# AIM OF THE EXERCISE:
Below are records to transcribe exactly, without their pictures.

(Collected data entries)
-----

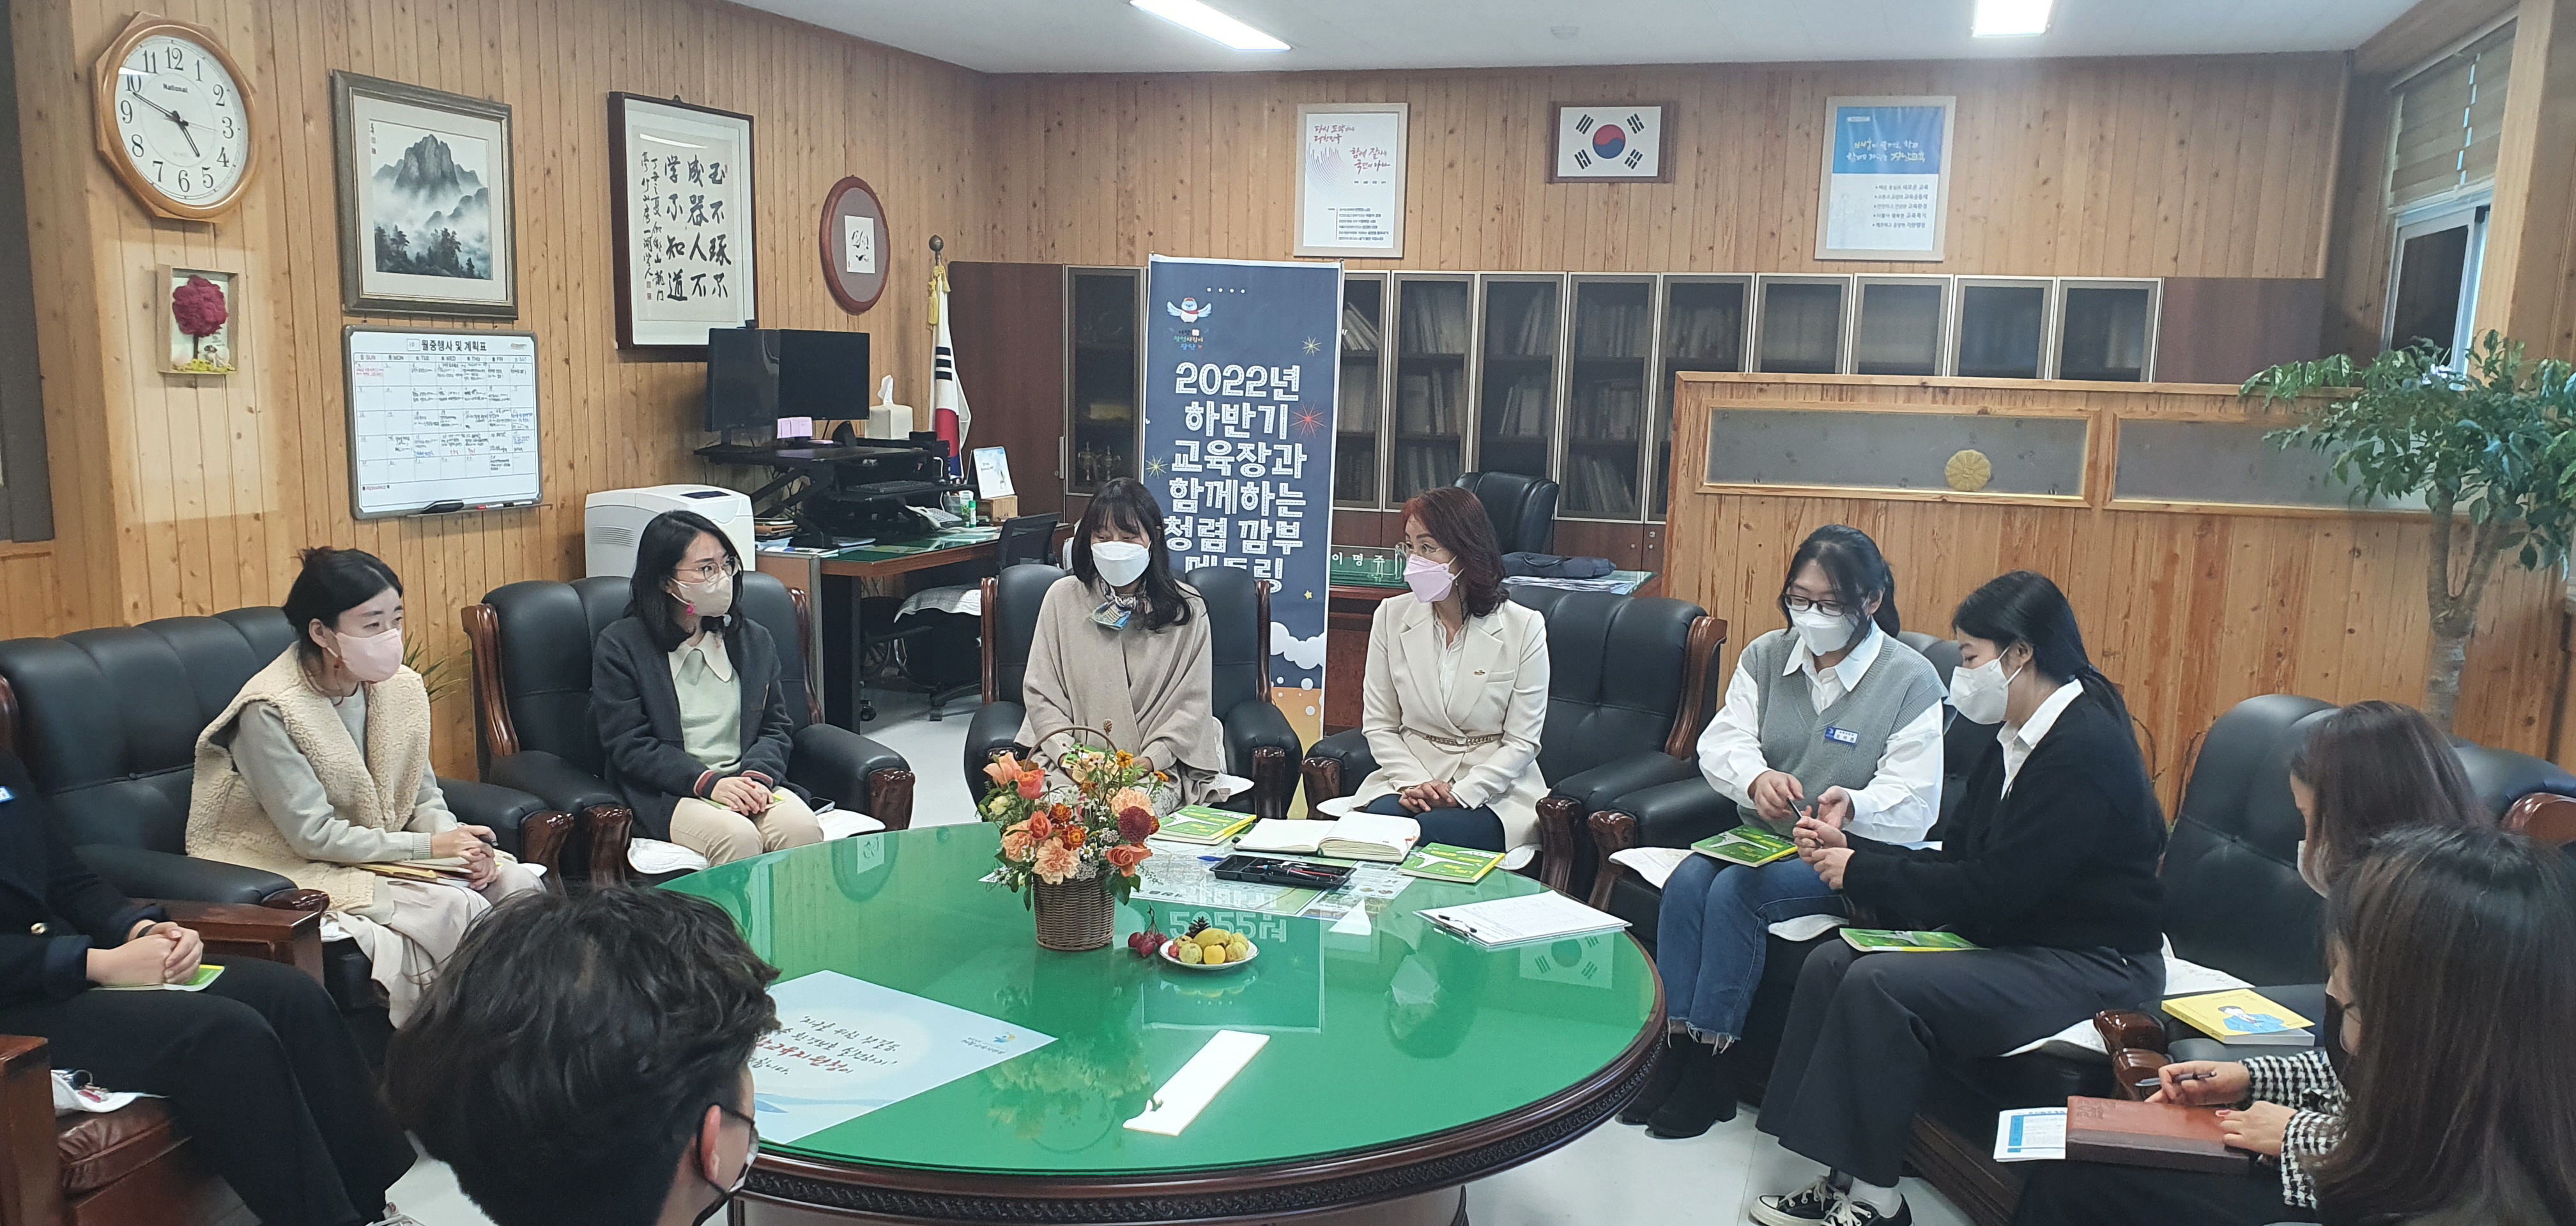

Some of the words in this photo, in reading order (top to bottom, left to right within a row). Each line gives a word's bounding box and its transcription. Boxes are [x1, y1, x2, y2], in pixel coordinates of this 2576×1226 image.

[142, 50, 158, 74] 11
[165, 46, 183, 71] 12
[194, 59, 203, 82] 1
[125, 74, 142, 93] 10
[162, 83, 188, 93] National
[213, 84, 225, 107] 2
[120, 100, 133, 123] 9
[222, 116, 234, 139] 3
[1314, 125, 1330, 134] 다시
[1314, 134, 1342, 144] 대한민국
[131, 134, 144, 157] 8
[216, 146, 229, 168] 4
[1349, 147, 1367, 158] 함께
[152, 160, 164, 183] 7
[201, 166, 214, 188] 5
[1374, 159, 1391, 172] 나라
[178, 169, 190, 192] 6
[422, 339, 453, 351] 월중행사
[456, 341, 463, 351] 및
[464, 341, 487, 352] 계획표
[1175, 362, 1301, 402] 2022년
[1184, 400, 1289, 440] 하반기
[1171, 440, 1308, 479] 교육장과
[1169, 477, 1307, 518] 함께하는
[1163, 515, 1228, 553] 청렴
[1238, 518, 1303, 555] 깜부
[791, 1032, 839, 1051] 환경보호
[834, 1029, 860, 1039] 위한
[861, 1035, 879, 1044] 첫
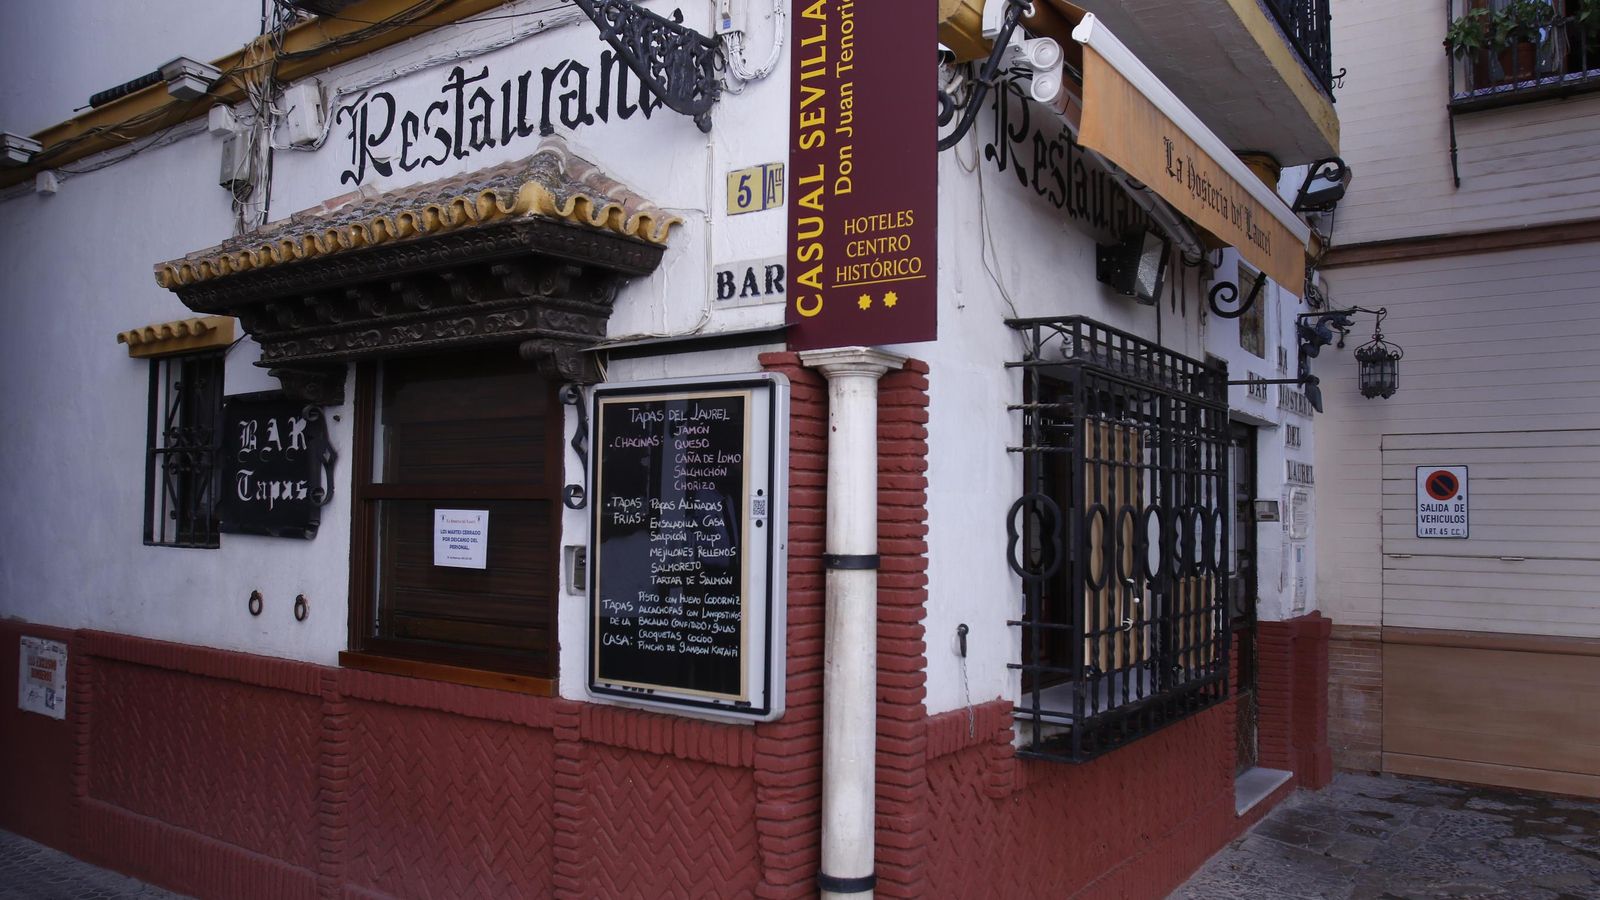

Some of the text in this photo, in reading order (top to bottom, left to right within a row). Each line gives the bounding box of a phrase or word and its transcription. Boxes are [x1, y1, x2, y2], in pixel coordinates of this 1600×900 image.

[835, 0, 854, 196] Don Juan Tenori
[796, 0, 828, 318] CASUAL SEVILLA
[1163, 136, 1183, 185] La
[737, 174, 752, 208] 5
[844, 209, 914, 236] HOTELES
[846, 234, 911, 258] CENTRO
[836, 256, 922, 283] HISTÓRICO
[716, 263, 785, 301] BAR
[669, 409, 688, 421] DEL
[690, 402, 730, 421] LAUREL
[238, 416, 307, 456] BAR
[674, 438, 710, 450] QUESO
[1286, 423, 1301, 447] DEL
[675, 449, 742, 464] CAÑA DE LOMO
[236, 469, 308, 512] Tapas
[1420, 503, 1466, 513] SALIDA DE
[1420, 514, 1466, 524] VEHICULOS
[702, 514, 725, 527] CASA
[1439, 527, 1448, 536] 45
[649, 575, 683, 585] TARTAR
[686, 575, 695, 585] DE
[609, 617, 620, 626] DE
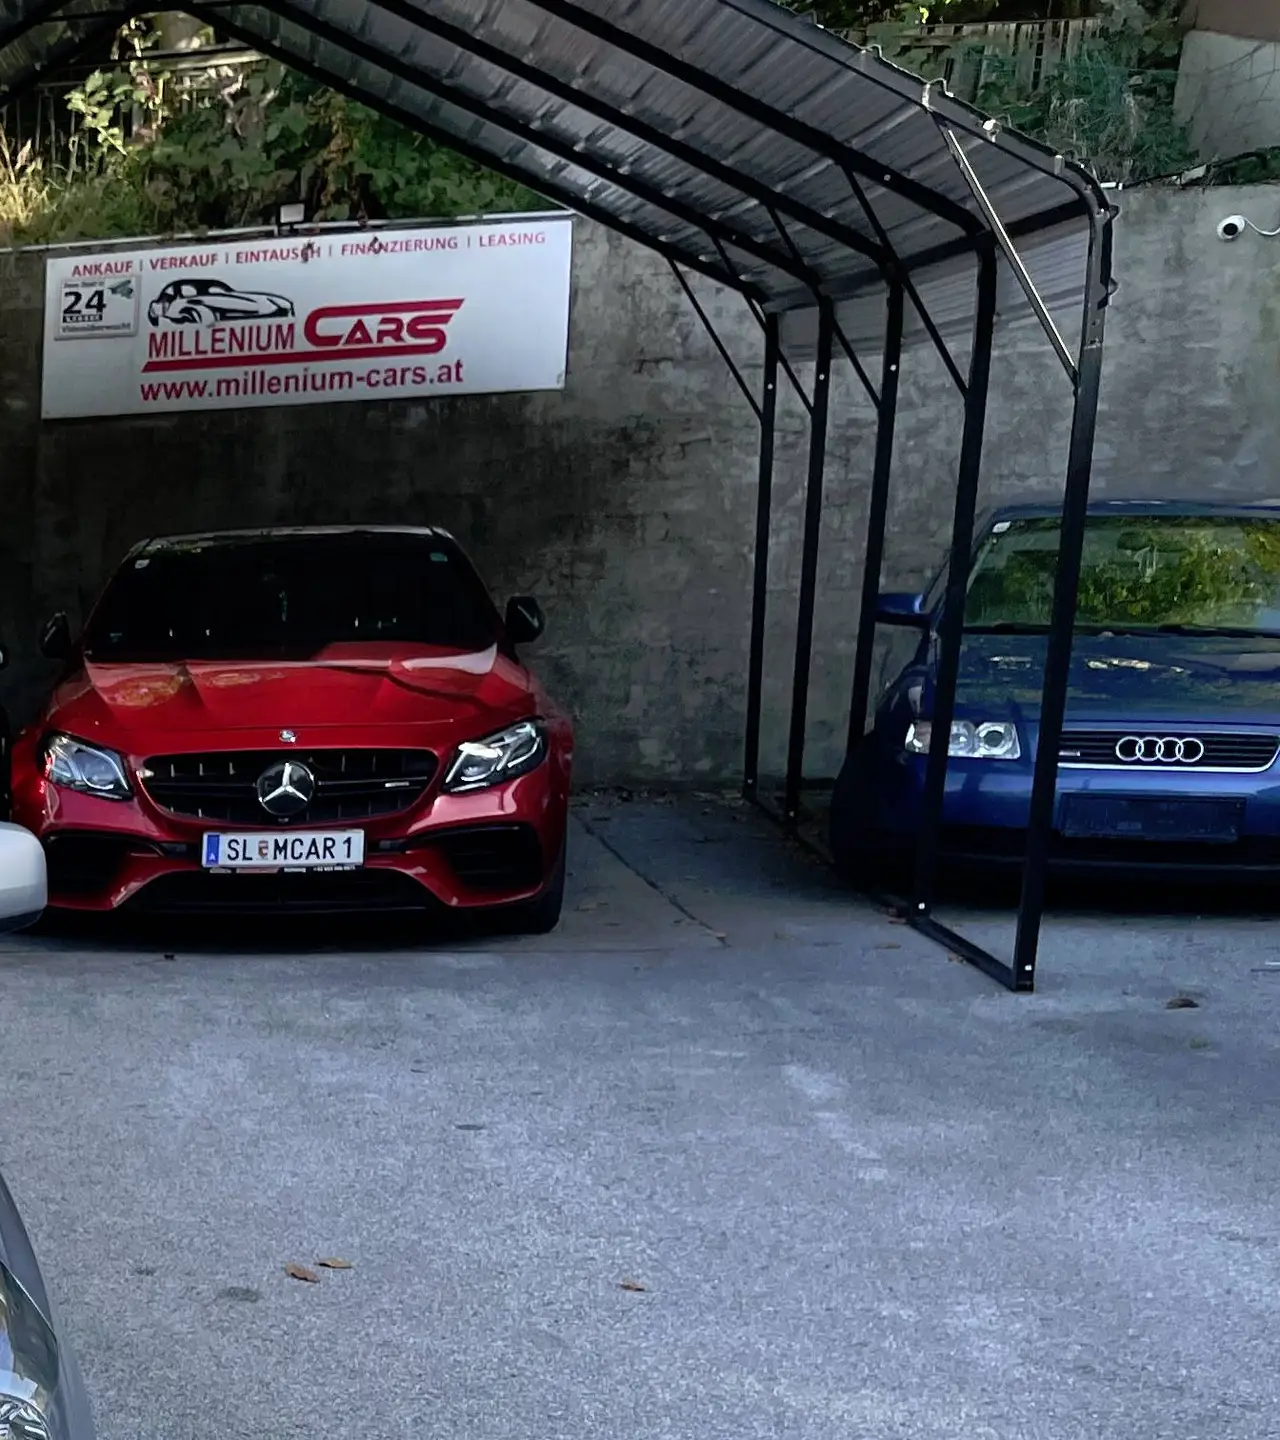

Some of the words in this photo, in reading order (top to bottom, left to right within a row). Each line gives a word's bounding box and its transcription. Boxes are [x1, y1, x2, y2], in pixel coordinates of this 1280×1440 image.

-----

# ANSWER TO THE PROBLEM:
Some of the words in this photo, in reading order (top to bottom, left to right within a row). Each line gives a word's bounding box and its transcription. Boxes are [x1, y1, x2, y2], in pixel coordinates of this 2576×1226 image.

[142, 50, 158, 74] 11
[165, 46, 183, 71] 12
[194, 59, 203, 82] 1
[125, 74, 142, 93] 10
[162, 83, 188, 93] National
[213, 84, 225, 107] 2
[120, 100, 133, 123] 9
[222, 116, 234, 139] 3
[1314, 125, 1330, 134] 다시
[1314, 134, 1342, 144] 대한민국
[131, 134, 144, 157] 8
[216, 146, 229, 168] 4
[1349, 147, 1367, 158] 함께
[152, 160, 164, 183] 7
[201, 166, 214, 188] 5
[1374, 159, 1391, 172] 나라
[178, 169, 190, 192] 6
[422, 339, 453, 351] 월중행사
[456, 341, 463, 351] 및
[464, 341, 487, 352] 계획표
[1175, 362, 1301, 402] 2022년
[1184, 400, 1289, 440] 하반기
[1171, 440, 1308, 479] 교육장과
[1169, 477, 1307, 518] 함께하는
[1163, 515, 1228, 553] 청렴
[1238, 518, 1303, 555] 깜부
[791, 1032, 839, 1051] 환경보호
[834, 1029, 860, 1039] 위한
[861, 1035, 879, 1044] 첫

Some of the text in this photo, in reading order (top to bottom, left to right within a row). Each line gives the bounding box of a phrase or word and its transcription. Boxes are [x1, y1, x2, y2], in pixel coordinates of this 1600×900 image.

[835, 0, 854, 196] Don Juan Tenori
[796, 0, 828, 318] CASUAL SEVILLA
[1163, 136, 1183, 185] La
[737, 174, 752, 208] 5
[844, 209, 914, 236] HOTELES
[846, 234, 911, 258] CENTRO
[836, 256, 922, 283] HISTÓRICO
[716, 263, 785, 301] BAR
[669, 409, 688, 421] DEL
[690, 402, 730, 421] LAUREL
[238, 416, 307, 456] BAR
[674, 438, 710, 450] QUESO
[1286, 423, 1301, 447] DEL
[675, 449, 742, 464] CAÑA DE LOMO
[236, 469, 308, 512] Tapas
[1420, 503, 1466, 513] SALIDA DE
[1420, 514, 1466, 524] VEHICULOS
[702, 514, 725, 527] CASA
[1439, 527, 1448, 536] 45
[649, 575, 683, 585] TARTAR
[686, 575, 695, 585] DE
[609, 617, 620, 626] DE

Some of the words in this photo, in reading order (top to bottom, left to right within a row). Each line gives a word's bounding box and its transcription. Boxes are [x1, y1, x2, y2], in pixel coordinates of this 1280×1440 image.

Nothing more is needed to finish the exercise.